::: RECORD EXTRACTS :::
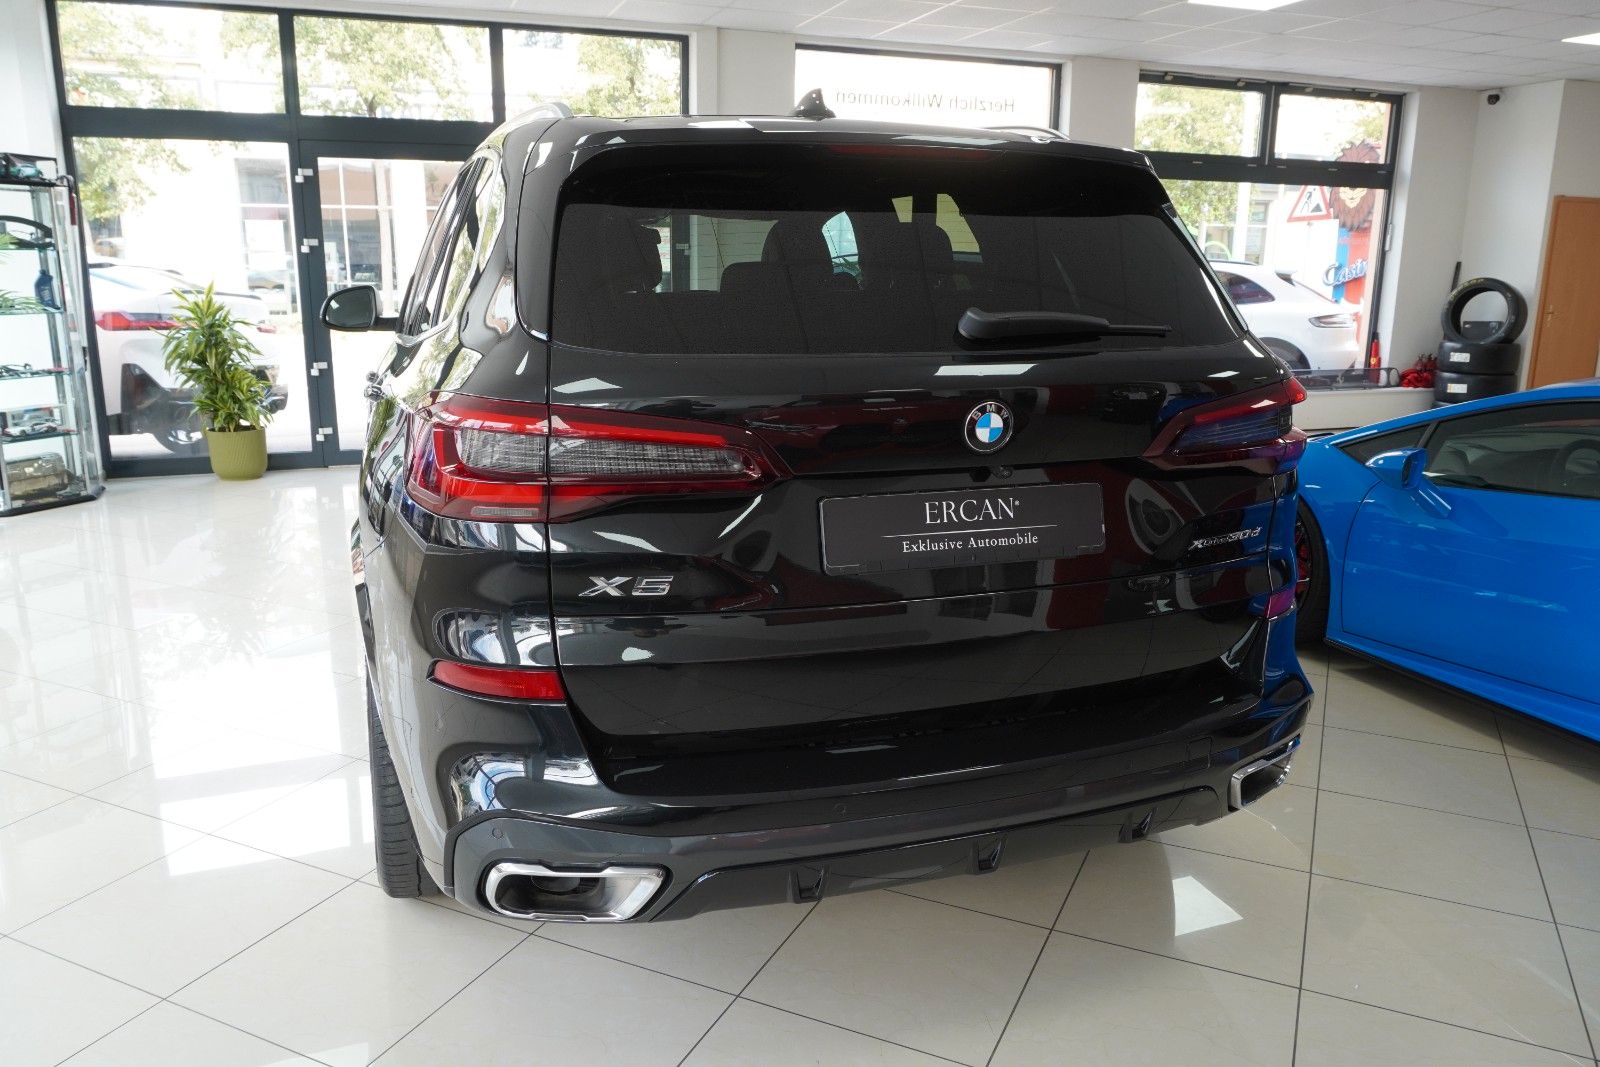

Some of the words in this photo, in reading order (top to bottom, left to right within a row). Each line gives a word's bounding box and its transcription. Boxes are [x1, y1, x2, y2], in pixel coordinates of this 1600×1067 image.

[971, 403, 1009, 420] BMW
[902, 539, 963, 553] Exklusive
[968, 532, 1039, 548] Automobile
[578, 575, 674, 597] X5
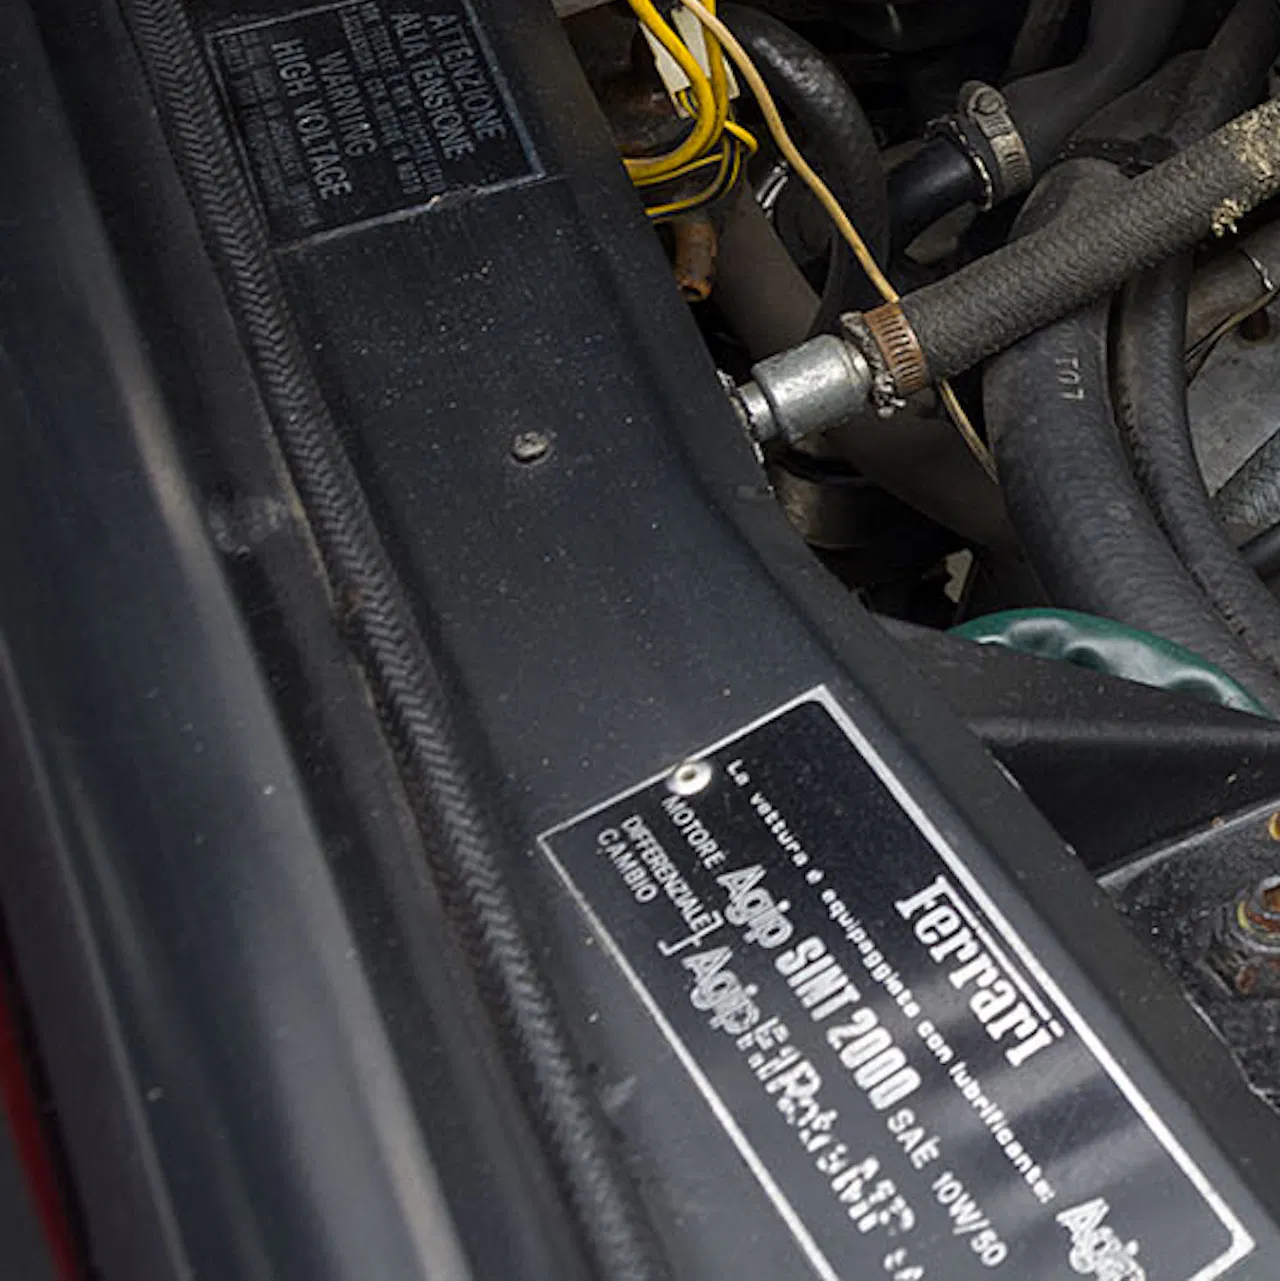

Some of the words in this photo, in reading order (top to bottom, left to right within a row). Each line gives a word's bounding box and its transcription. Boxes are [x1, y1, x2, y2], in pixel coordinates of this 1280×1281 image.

[270, 38, 317, 101] HIGH
[316, 49, 378, 158] WARNING
[390, 11, 427, 58] ALTA
[410, 54, 475, 160] TENSIONE
[427, 13, 507, 141] ATTENZIONE
[293, 98, 352, 200] VOLTAGE
[597, 827, 657, 904] CAMBIO
[620, 813, 712, 932] DIFFERENZIALE
[725, 758, 750, 788] La
[749, 790, 809, 868] vettura
[916, 1019, 954, 1064] con
[681, 945, 760, 1035] Agip
[894, 873, 1065, 1068] Ferrari
[661, 794, 727, 870] MOTORE
[716, 863, 794, 949] Agip
[774, 935, 862, 1022] SINT
[826, 1007, 922, 1111] 2000
[887, 1107, 942, 1171] SAE
[931, 1170, 1008, 1268] 10W/50
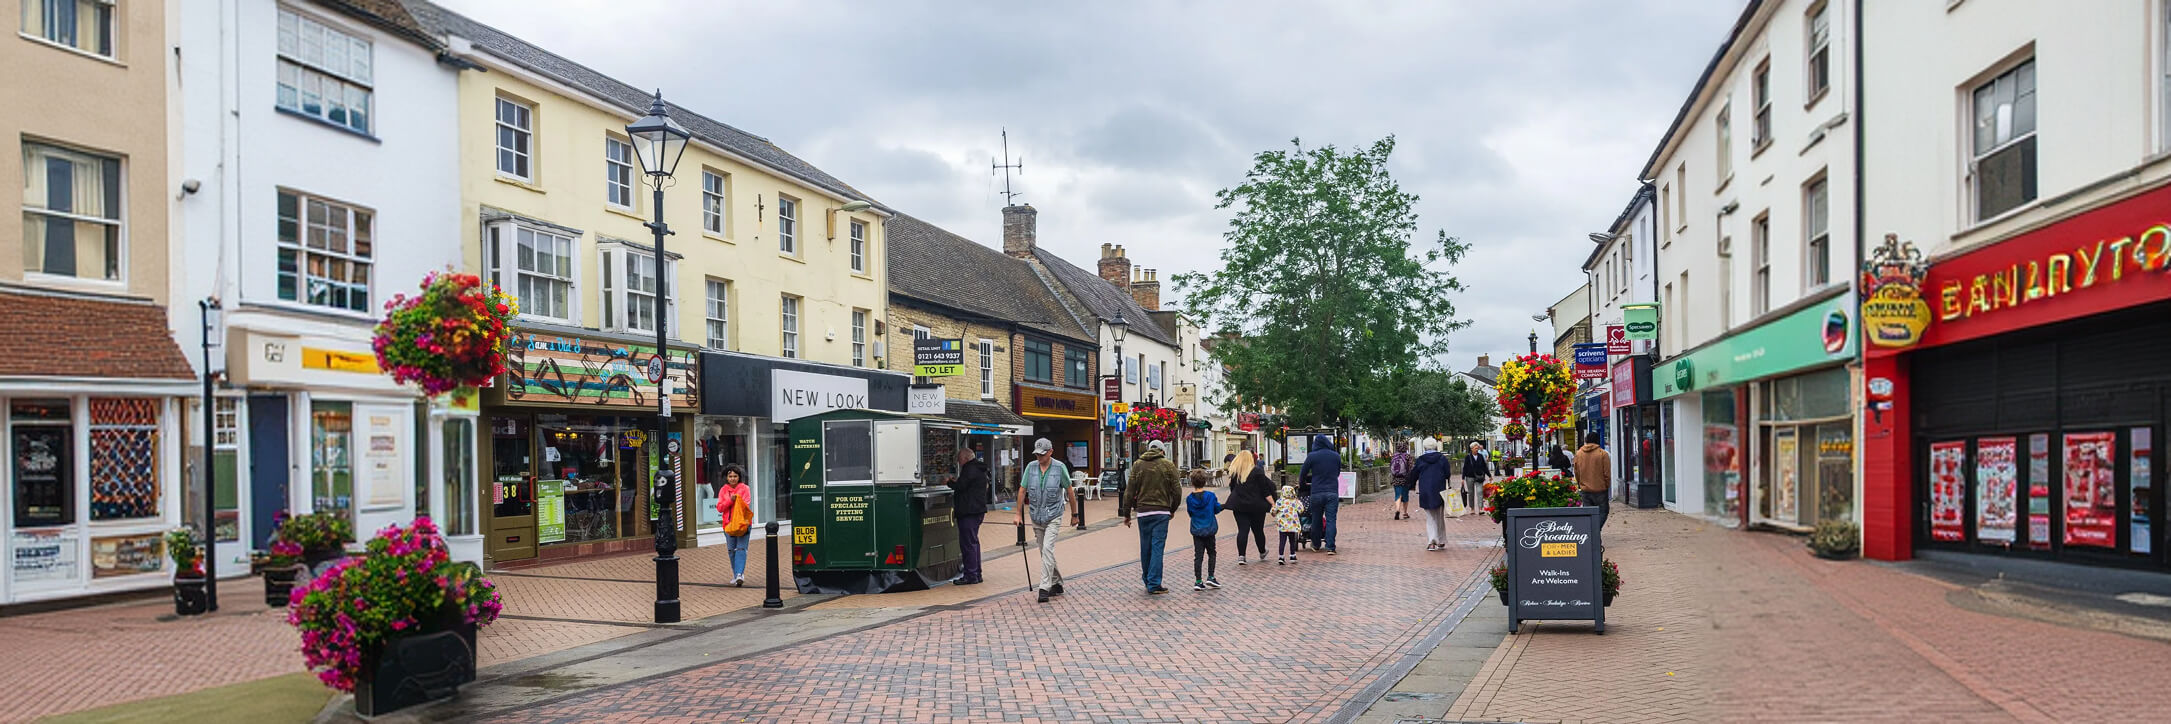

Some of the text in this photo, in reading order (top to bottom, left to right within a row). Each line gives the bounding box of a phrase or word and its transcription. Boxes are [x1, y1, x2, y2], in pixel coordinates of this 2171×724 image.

[1578, 355, 1605, 363] opticians
[939, 366, 955, 374] LET
[783, 388, 864, 408] NEW LOOK
[624, 429, 647, 441] TATTOO
[1536, 520, 1573, 534] Body
[1520, 527, 1589, 549] Grooming
:::
> **TASK GOAL**
Your response must reproduce the listing above word for word and must contain none of its pictures.

> **EXERCISE RESULT**
Some of the words in this photo, in reading order (top to bottom, left to right within a row). Each line gives a word's bounding box and its transcription. Boxes are [x1, y1, x2, y2], in pixel coordinates of this 1600×1067 image.

[971, 403, 1009, 420] BMW
[902, 539, 963, 553] Exklusive
[968, 532, 1039, 548] Automobile
[578, 575, 674, 597] X5

Some of the words in this photo, in reading order (top to bottom, left to right within a row). Each line gives a word's bounding box and its transcription. Boxes are [x1, y1, x2, y2], in pixel coordinates of this 1280×1281 image.

[270, 38, 317, 101] HIGH
[316, 49, 378, 158] WARNING
[390, 11, 427, 58] ALTA
[410, 54, 475, 160] TENSIONE
[427, 13, 507, 141] ATTENZIONE
[293, 98, 352, 200] VOLTAGE
[597, 827, 657, 904] CAMBIO
[620, 813, 712, 932] DIFFERENZIALE
[725, 758, 750, 788] La
[749, 790, 809, 868] vettura
[916, 1019, 954, 1064] con
[681, 945, 760, 1035] Agip
[894, 873, 1065, 1068] Ferrari
[661, 794, 727, 870] MOTORE
[716, 863, 794, 949] Agip
[774, 935, 862, 1022] SINT
[826, 1007, 922, 1111] 2000
[887, 1107, 942, 1171] SAE
[931, 1170, 1008, 1268] 10W/50

Some of the text in this photo, in reading order (top to bottom, left to right within a row). Each line gives the bounding box of a phrase or word and its transcription. Boxes are [x1, y1, x2, y2], in pixel coordinates of this 2171×724 image.

[1578, 355, 1605, 363] opticians
[939, 366, 955, 374] LET
[783, 388, 864, 408] NEW LOOK
[624, 429, 647, 441] TATTOO
[1536, 520, 1573, 534] Body
[1520, 527, 1589, 549] Grooming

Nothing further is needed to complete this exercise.